Comedy keeps the heart sweet...

Classic--a book which people praise and don't read.

Be careful about reading health books. You may die of a misprint!

Prosperity is the best protector of principle.

Fleas can be taught nearly anything that a Congressman can.

Go to heaven for the climate. Hell for the company.

The human race has one really effective weapon, and that is laughter.

The best way to cheer yourself up is to try to cheer somebody else up.

You cannot depend on your eyes when your imagination is out of focus.

Cauliflower is nothing but cabbage with a college education.

The calamity that comes is never the one we had prepared ourselves for.

Denial ain't just a river in Egypt.

A baby is an inestimable blessing and bother.

Man is the only animal that blushes. Or needs to.

"That cat will write her autograph all over your leg if you let her."

Air Balloon: thing to take meteoric observations and commit suicide with.

One is apt to overestimate beauty when it is rare.

The game of billiards has destroyed my naturally sweet disposition.

Of Teddy Roosevelt...He would go to Halifax for half a chance to show off and he would go to hell for a whole one.

Noise proves nothing.

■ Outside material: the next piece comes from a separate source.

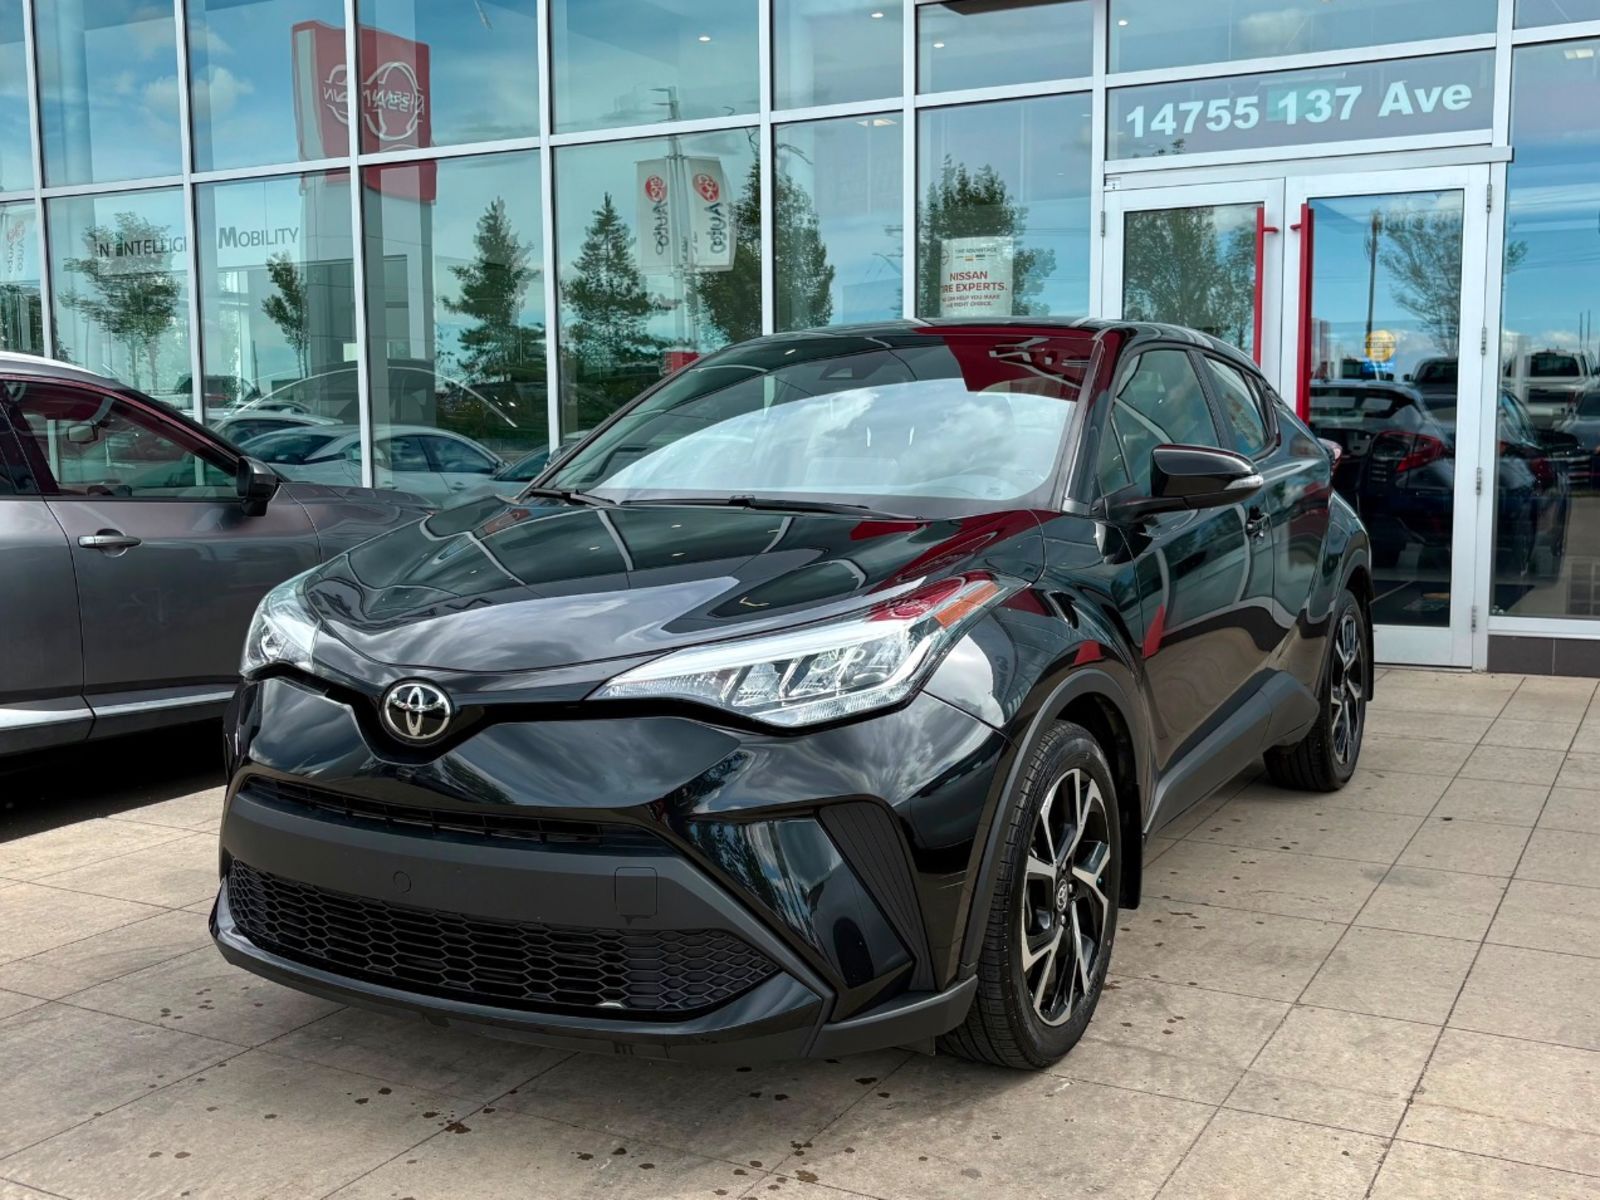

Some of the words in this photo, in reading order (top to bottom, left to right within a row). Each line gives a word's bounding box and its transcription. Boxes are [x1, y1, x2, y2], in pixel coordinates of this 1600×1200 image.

Often a hen who has merely laid an egg cackles as if she had laid an asteroid.

A healthy and wholesome cheerfulness is not necessarily impossible to any occupation.

"When the end of the world comes, I want to be in Cincinnati because it's always twenty years behind the times."

Cold! If the thermometer had been an inch longer we'd all have frozen to death.

France has neither winter nor summer nor morals—apart from these drawbacks it is a fine country.

It usually takes more than three weeks to prepare a good impromptu speech.

To believe yourself brave is to be brave; it is the one only essential thing.

Why is it that we rejoice at a birth and grieve at a funeral? It is because we are not the person involved.

It's better to stay silent and look a fool, rather than speak and remove all doubt

The report of my death was an exaggeration.

Always do right; this will gratify some people and astonish the rest.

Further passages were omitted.